A nurse on a pediatric unit is reviewing the laboratory results for a group of clients.

A nurse on a pediatric unit is reviewing the laboratory results for a group of clients. Which of the following results should the nurse identify as the priority?

A.
An adolescent who has iron-deficiency anemia and an Hgb level of 11 g/dL (10 to 15.5 g/dL)

B.
A school-age child who has diabetes mellitus and an HbA1c of 8% (less than 7%)

C.
A toddler who has moderate dehydration and an RBC count of 5.6/mm3 (4 to 5.5/mm3)

D.
A preschooler who has cystic fibrosis-related diabetes and a WBC count of 15,000/mm3 (5,000 to 10,000/mm3)

The Correct answer and Explanation is:

The priority laboratory result among the options provided is:

B. A school-age child who has diabetes mellitus and an HbA1c of 8% (less than 7%)

Explanation:

In the context of pediatric care, prioritizing laboratory results involves considering both the severity of the condition and the potential impact on the child’s health. Let’s analyze each option to understand why option B should be prioritized:

A. An adolescent who has iron-deficiency anemia and an Hgb level of 11 g/dL (10 to 15.5 g/dL)
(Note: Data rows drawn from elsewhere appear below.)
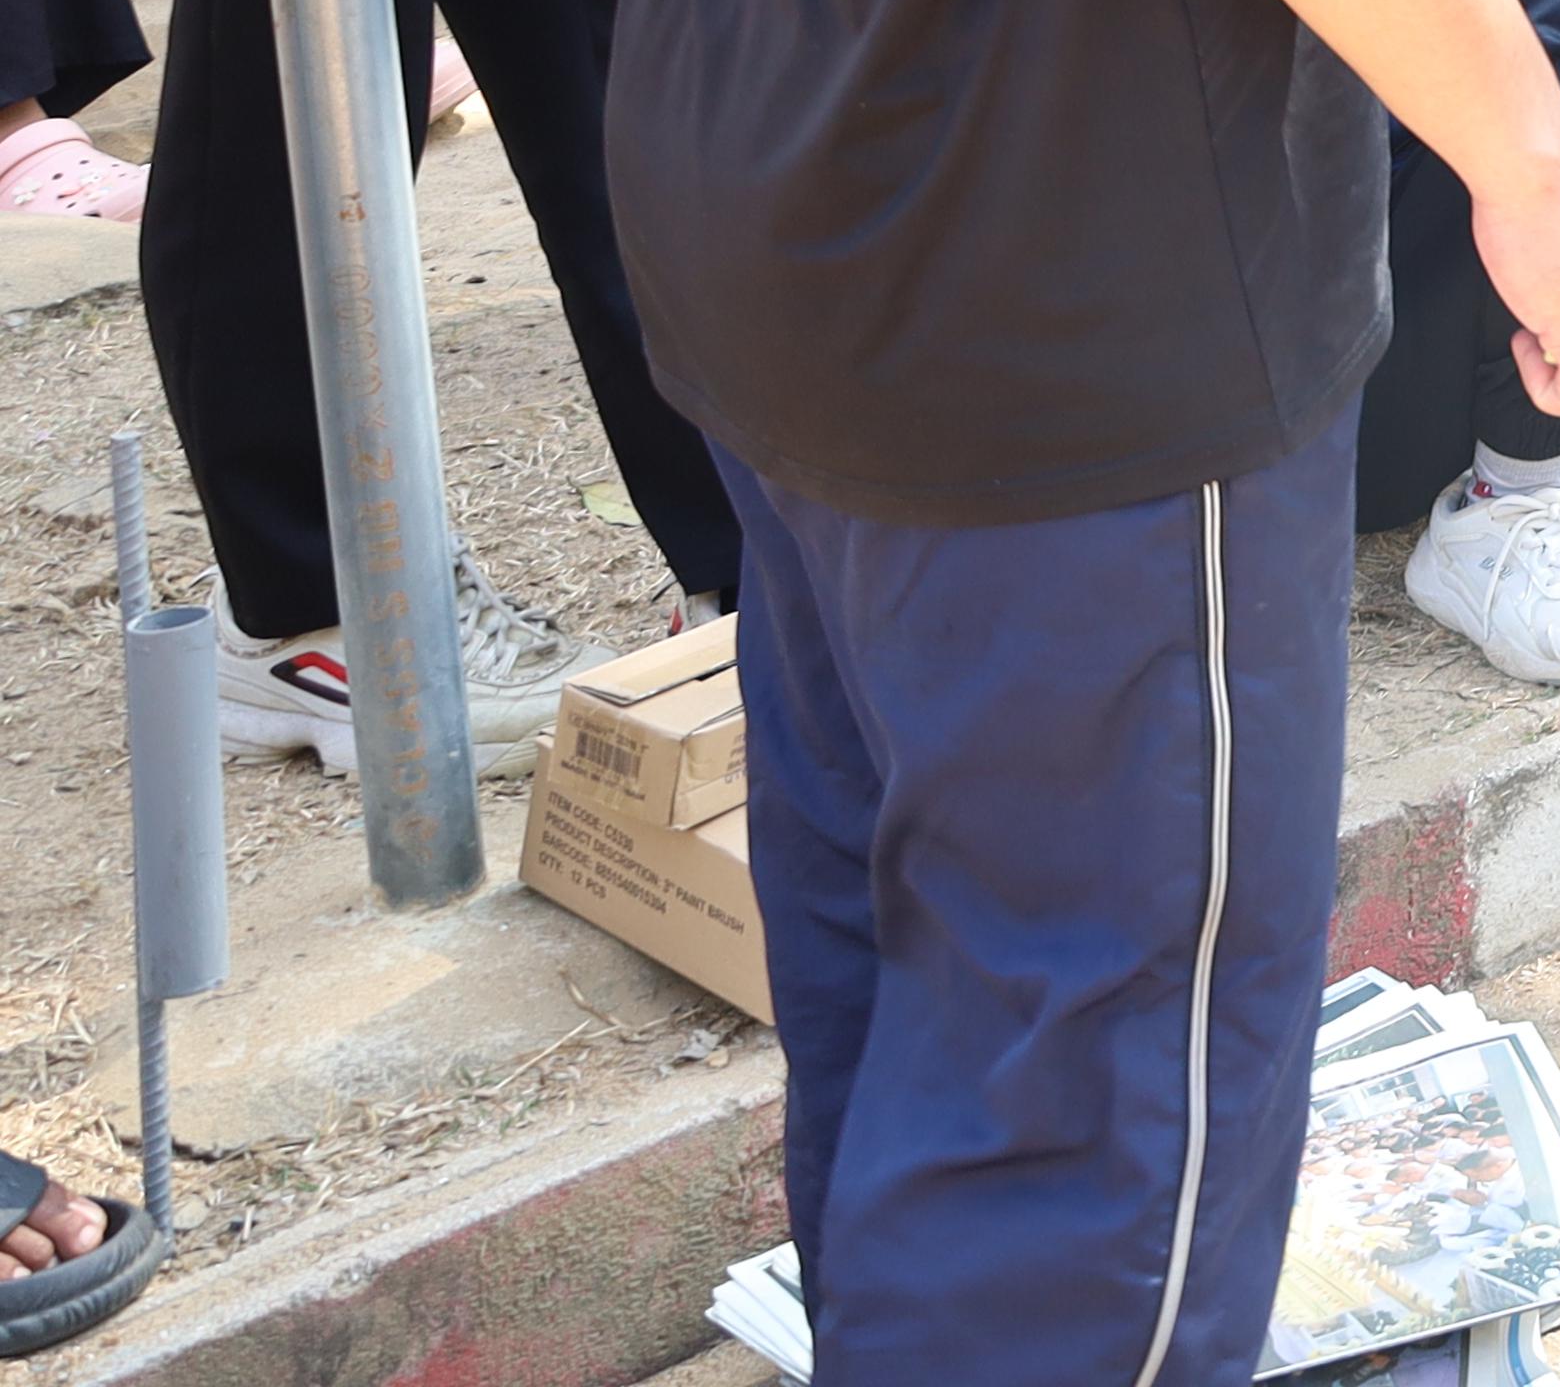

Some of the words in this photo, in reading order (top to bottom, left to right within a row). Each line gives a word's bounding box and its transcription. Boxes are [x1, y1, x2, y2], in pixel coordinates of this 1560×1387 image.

[544, 809, 592, 847] PRODUCT
[676, 885, 707, 913] PAINT
[708, 903, 745, 936] BRUSH
[585, 878, 608, 901] PCS
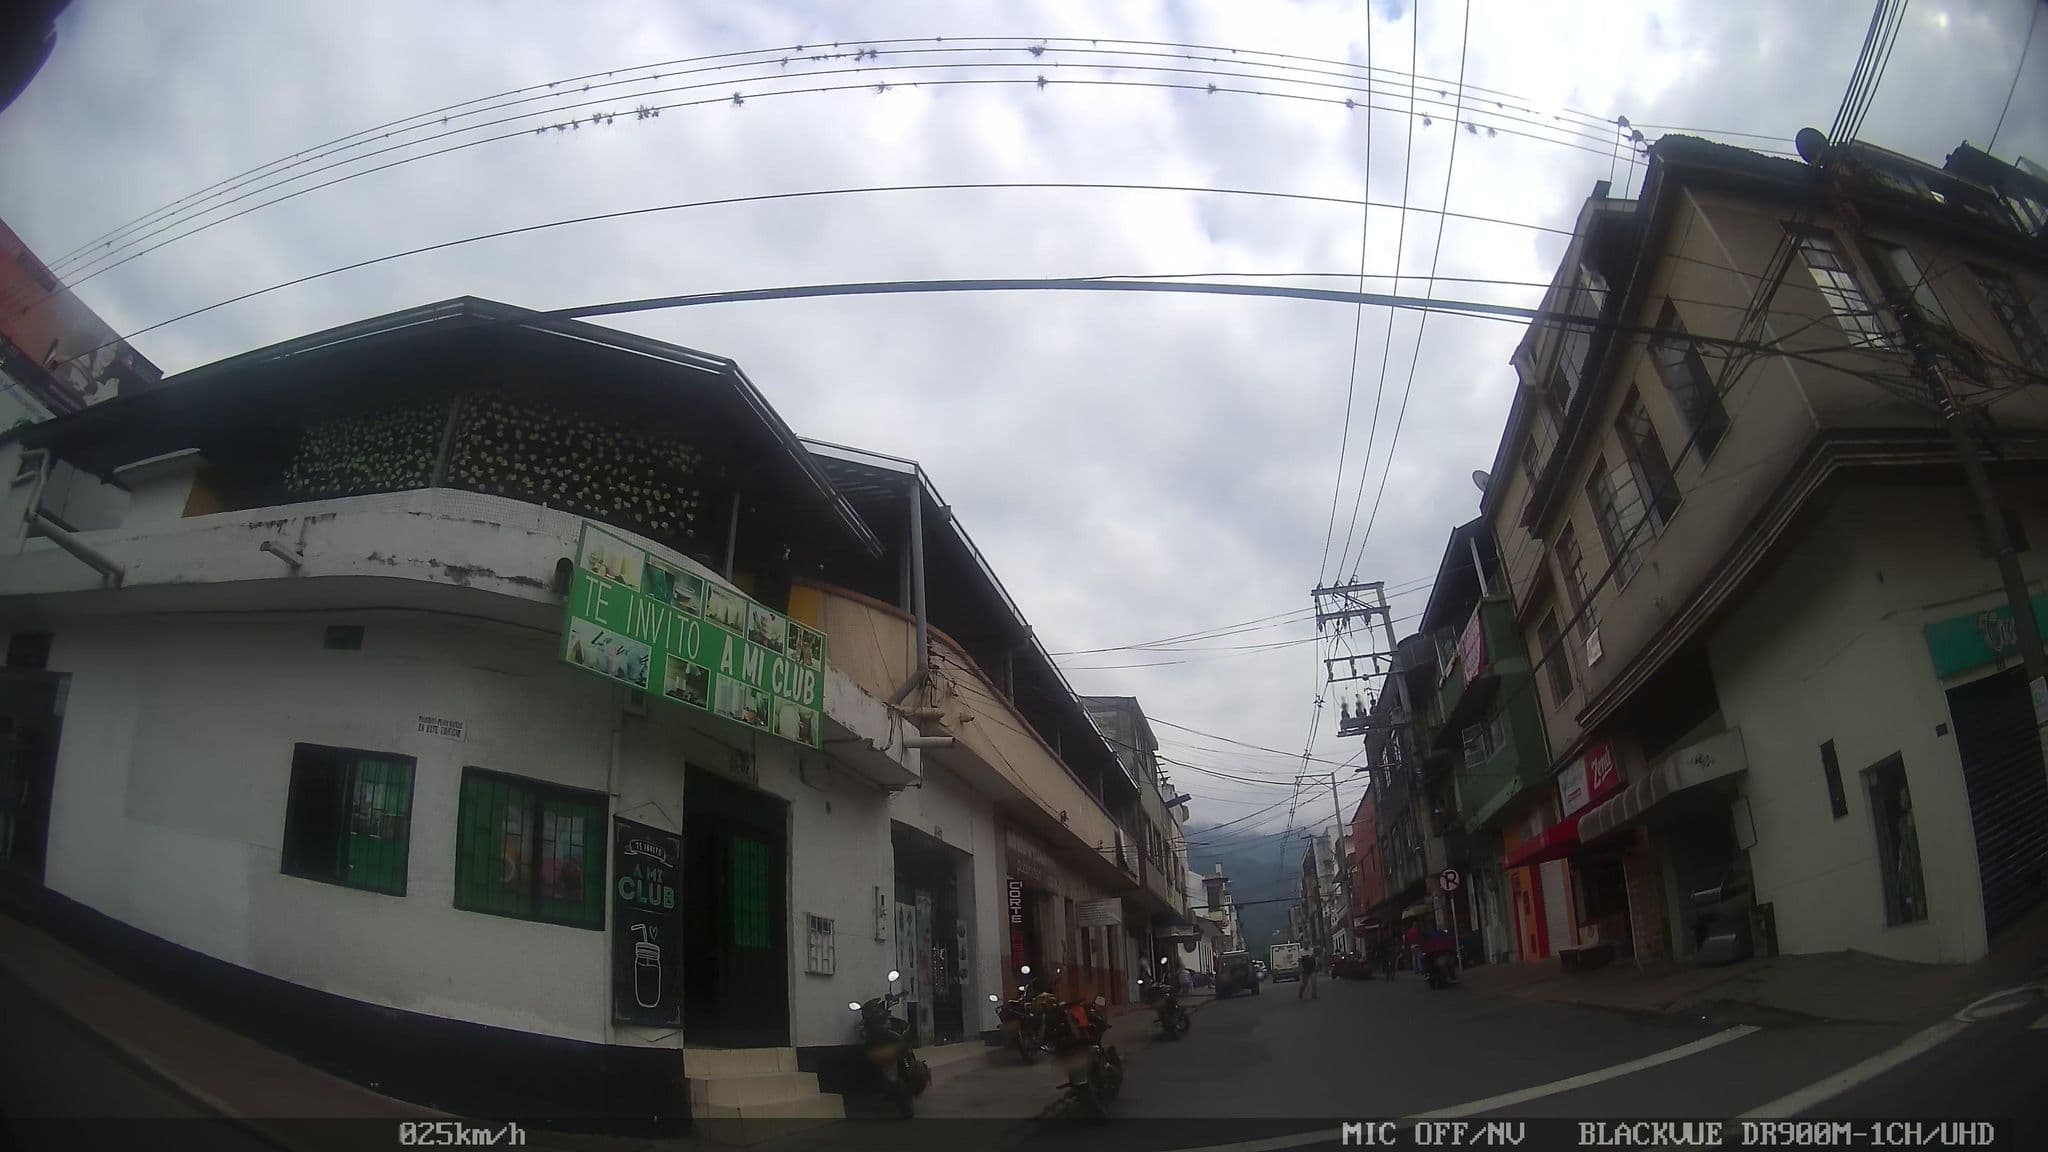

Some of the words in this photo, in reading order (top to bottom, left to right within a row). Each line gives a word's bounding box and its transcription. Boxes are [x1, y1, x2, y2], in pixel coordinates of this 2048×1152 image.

[586, 575, 612, 624] TE
[626, 594, 700, 660] INVITO
[720, 634, 733, 676] A
[742, 643, 766, 687] MI
[771, 657, 815, 705] CLUB
[633, 863, 643, 879] A
[647, 865, 663, 882] MI
[618, 876, 675, 909] CLUB
[1008, 880, 1024, 924] CORTE
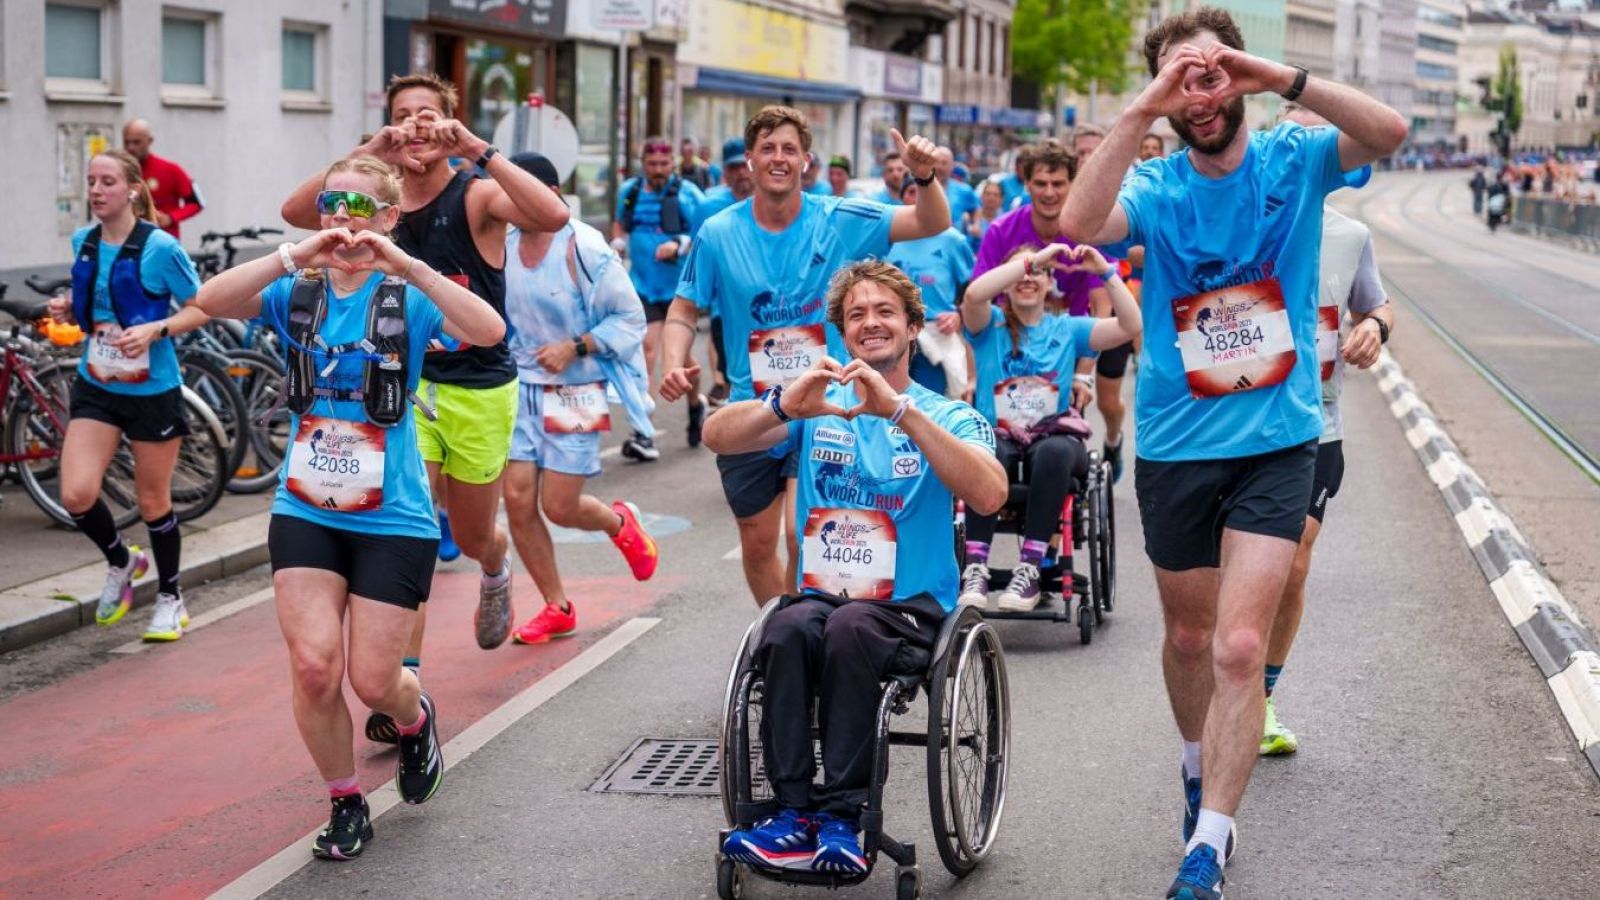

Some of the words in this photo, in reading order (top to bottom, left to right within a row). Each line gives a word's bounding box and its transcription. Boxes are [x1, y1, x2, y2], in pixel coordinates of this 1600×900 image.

[1214, 303, 1246, 317] WINGS
[1204, 326, 1264, 352] 48284
[768, 355, 811, 370] 46273
[1213, 347, 1257, 363] MARTIN
[816, 429, 842, 441] Allianz
[308, 454, 360, 474] 42038
[813, 448, 853, 464] RADO
[360, 493, 367, 505] 2
[822, 547, 873, 564] 44046
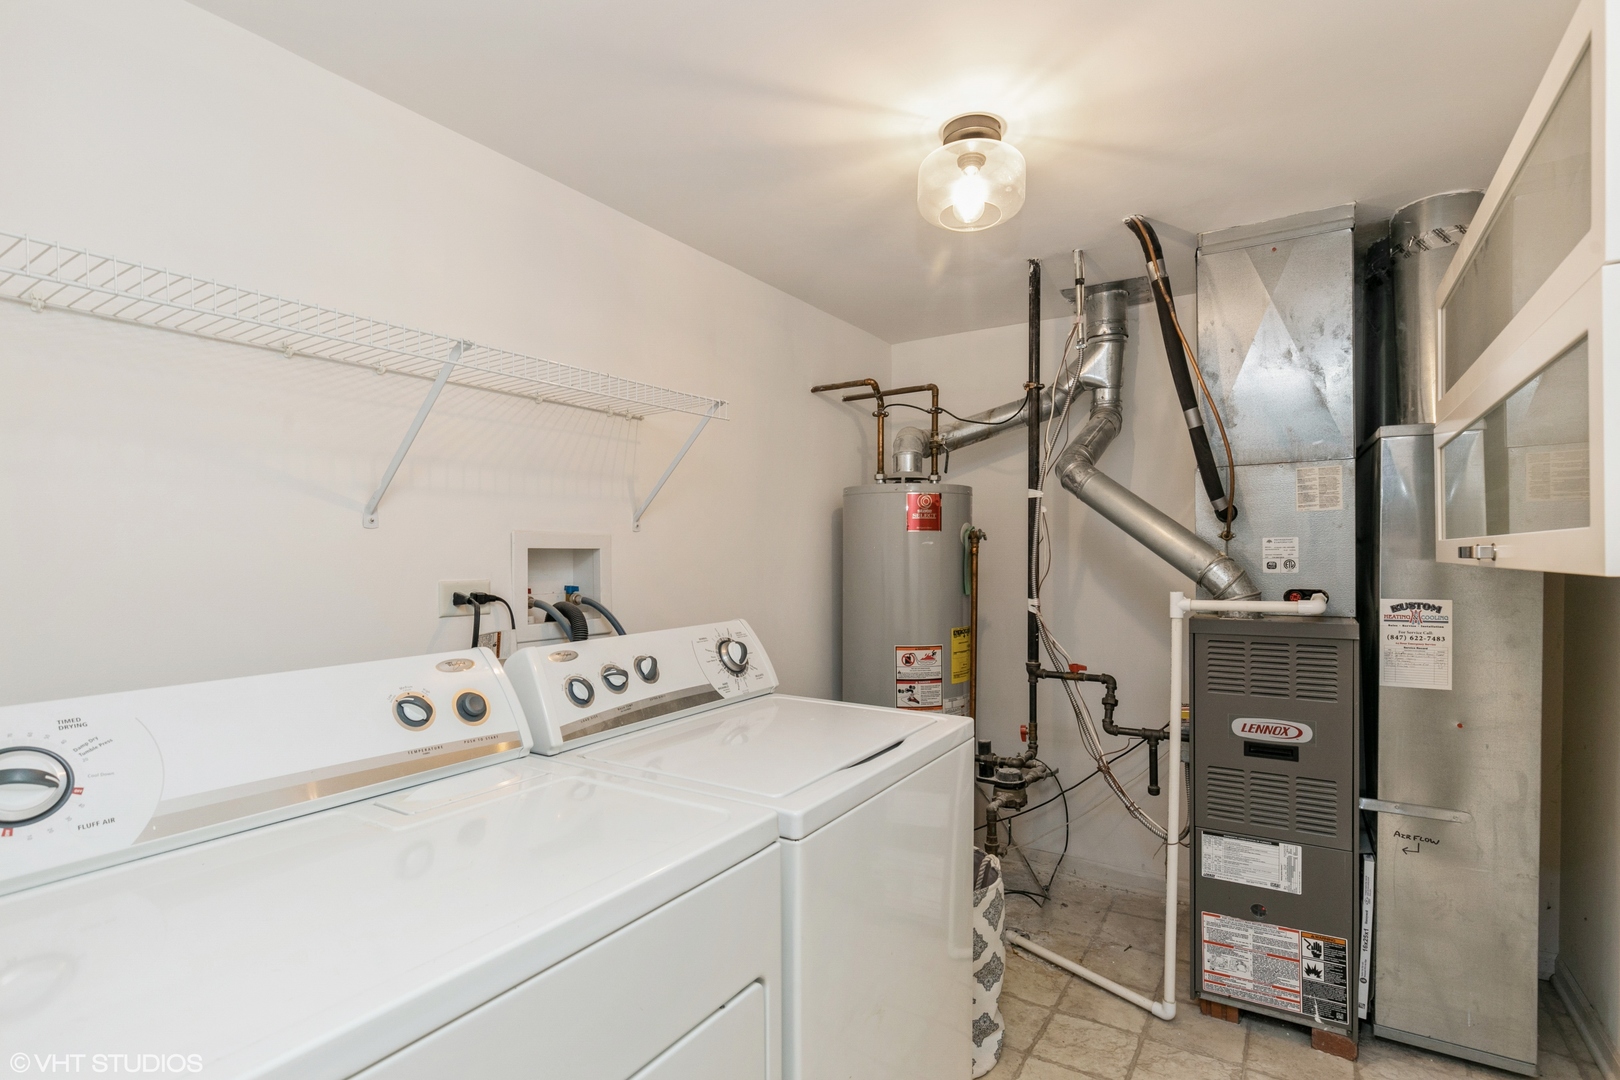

  • Explanation: An Hb level of 11 g/dL is within the lower end of the normal range for adolescents with iron-deficiency anemia. While this level indicates anemia, it is not immediately life-threatening. The management of iron-deficiency anemia typically involves iron supplementation and dietary changes. Therefore, while this result requires ongoing management, it is not as urgent as others might be.

B. A school-age child who has diabetes mellitus and an HbA1c of 8% (less than 7%)

  • Explanation: HbA1c measures average blood glucose levels over the past 2 to 3 months. An HbA1c of 8% indicates poor long-term glycemic control in a child with diabetes mellitus. Chronic hyperglycemia can lead to severe complications, including diabetic ketoacidosis (DKA), neuropathy, retinopathy, and nephropathy. Persistent hyperglycemia increases the risk of acute complications and long-term health issues. Given the potential for serious health consequences and the need for immediate intervention to improve glycemic control, this result is a priority.

C. A toddler who has moderate dehydration and an RBC count of 5.6/mm³ (4 to 5.5/mm³)

  • Explanation: The RBC count of 5.6/mm³ is slightly above the normal range for a toddler. While this could indicate mild dehydration or other conditions, the immediate concern in moderate dehydration would typically be to address fluid balance and hydration status. While important, this lab result is less critical compared to managing poor glycemic control in diabetes.

D. A preschooler who has cystic fibrosis-related diabetes and a WBC count of 15,000/mm³ (5,000 to 10,000/mm³)

  • Explanation: A WBC count of 15,000/mm³ indicates leukocytosis, which could be a sign of infection or inflammation. In a child with cystic fibrosis, who is at high risk for infections, this result warrants further investigation. However, unless the child shows signs of acute infection or worsening condition, the immediate risk may be less compared to the complications associated with poorly controlled diabetes.

Conclusion:

The child with an HbA1c of 8% is experiencing inadequate control of their diabetes, which can lead to significant short- and long-term health problems. Addressing this high HbA1c is crucial to prevent potential severe complications, making it the priority result to focus on in this scenario.